如果获取到返回值,即Task执行完成,下面要对task的结果进行处理

    (3)task运行完毕,释放blockManager相关task的锁,释放task占用的内存

    (4)记录task执行完成后的系统、cpu时间

    (5)将task运行相关时间指标添加到metrics度量系统

4.task的结果处理:

    (1)获取task计算的累加结果

    (2)将task序列化结果和累加结果封装为DirectTaskResult对象(task直接结果集)

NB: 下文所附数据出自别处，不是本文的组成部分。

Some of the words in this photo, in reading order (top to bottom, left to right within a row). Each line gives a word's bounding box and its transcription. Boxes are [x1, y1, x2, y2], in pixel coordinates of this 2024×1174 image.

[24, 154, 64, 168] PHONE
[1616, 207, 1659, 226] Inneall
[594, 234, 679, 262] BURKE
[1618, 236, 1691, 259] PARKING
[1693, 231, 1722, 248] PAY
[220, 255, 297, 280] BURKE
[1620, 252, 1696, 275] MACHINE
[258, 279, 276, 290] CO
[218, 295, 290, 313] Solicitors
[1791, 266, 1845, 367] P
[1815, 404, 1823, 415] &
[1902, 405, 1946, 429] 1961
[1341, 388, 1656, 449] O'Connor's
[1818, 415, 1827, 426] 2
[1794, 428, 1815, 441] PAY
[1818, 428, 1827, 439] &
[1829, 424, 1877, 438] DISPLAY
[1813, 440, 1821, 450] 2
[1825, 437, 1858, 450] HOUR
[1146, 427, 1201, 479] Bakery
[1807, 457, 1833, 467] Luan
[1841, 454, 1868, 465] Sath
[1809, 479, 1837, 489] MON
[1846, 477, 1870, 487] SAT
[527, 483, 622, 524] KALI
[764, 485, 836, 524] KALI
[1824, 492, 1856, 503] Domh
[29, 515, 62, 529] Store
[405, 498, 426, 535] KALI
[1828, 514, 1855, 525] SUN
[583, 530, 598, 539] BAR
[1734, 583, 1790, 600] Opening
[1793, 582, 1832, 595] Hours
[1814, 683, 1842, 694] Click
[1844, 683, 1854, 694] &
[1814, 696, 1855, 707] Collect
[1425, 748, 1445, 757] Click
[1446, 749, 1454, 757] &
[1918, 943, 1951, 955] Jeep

    (3)将DirectTaskResult序列化

    (4)获取DirectTaskResult集合大小,即task结果大小

    (5)根据条件判断,获得最终的序列化结果

        spark中,task默认的最大结果大小限制maxResultSize)为1G,该大小由spark配置spark.driver.maxResultSize设置

        如果task的结果大小大于1G,且task默认的最大限制大于0,则打印警报日志,result结果过大,删除该结果

        spark中,task默认的最大直接结果大小限制maxDirectResultSize)默认为1048576 bytes,该值由spark配置spark.task.maxDirectResultSize与spark.rpc.message.maxSize的最小值决定

        如果taskd的结果大于最大直接结果大小限制,将task结果写到blockManager中,存储级别为MEMORY_AND_DISK_SER,并打印日志:task计算完成,task结果通过blockManager发送给driver

        日志示例如下:

18/07/24 09:27:07 INFO executor.Executor: Finished task 0.0 in stage 3.0 (TID 4). 3097876 bytes result sent via BlockManager

        如果resultSize小于最大直接结果大小限制,则打印日志:task计算完成,task结果直接发送给driver

        日志示例如下:

18/07/23 16:47:05 INFO Executor: Finished task 89.0 in stage 0.0 (TID 89). 1041 bytes result sent to driver

5.调用CoarseGrainedExecutorBackend的statusUpdate更新状态方法,告诉drivertask状态更新:task状态为已完成

6.最后,移除runningTasks集合中已执行完的task

看过这部分源码之后,大家应该了解了在Spark运行过程中这些日志的出处了。

 override def run(): Unit = {
      threadId = Thread.currentThread.getId
      //  设置线程名:Executor task launch worker for task XXX
      Thread.currentThread.setName(threadName)
      //  获取JVM中线程托管Bean
      val threadMXBean = ManagementFactory.getThreadMXBean
      //  创建TaskMemoryManager
      val taskMemoryManager = new TaskMemoryManager(env.memoryManager, taskId)
      //  获取反序列化开始时间
      val deserializeStartTime = System.currentTimeMillis()
      //  获取反序列化CPU时间
      val deserializeStartCpuTime = if (threadMXBean.isCurrentThreadCpuTimeSupported) {
        threadMXBean.getCurrentThreadCpuTime
      } else 0L
      //  获取线程上下文加载器
      Thread.currentThread.setContextClassLoader(replClassLoader)
      //  实例task序列化器
      val ser = env.closureSerializer.newInstance()
      //  打印日志:正在运行task
      logInfo(s"Running $taskName (TID $taskId)")
      //  调用CoarseGrainedExecutorBackend的statusUpdate方法,更新状态
      execBackend.statusUpdate(taskId, TaskState.RUNNING, EMPTY_BYTE_BUFFER)
      var taskStart: Long = 0
      var taskStartCpu: Long = 0
      //  获取gc时间
      startGCTime = computeTotalGcTime()

      try {
        //  反序列化task依赖
        val (taskFiles, taskJars, taskProps, taskBytes) =
          Task.deserializeWithDependencies(serializedTask)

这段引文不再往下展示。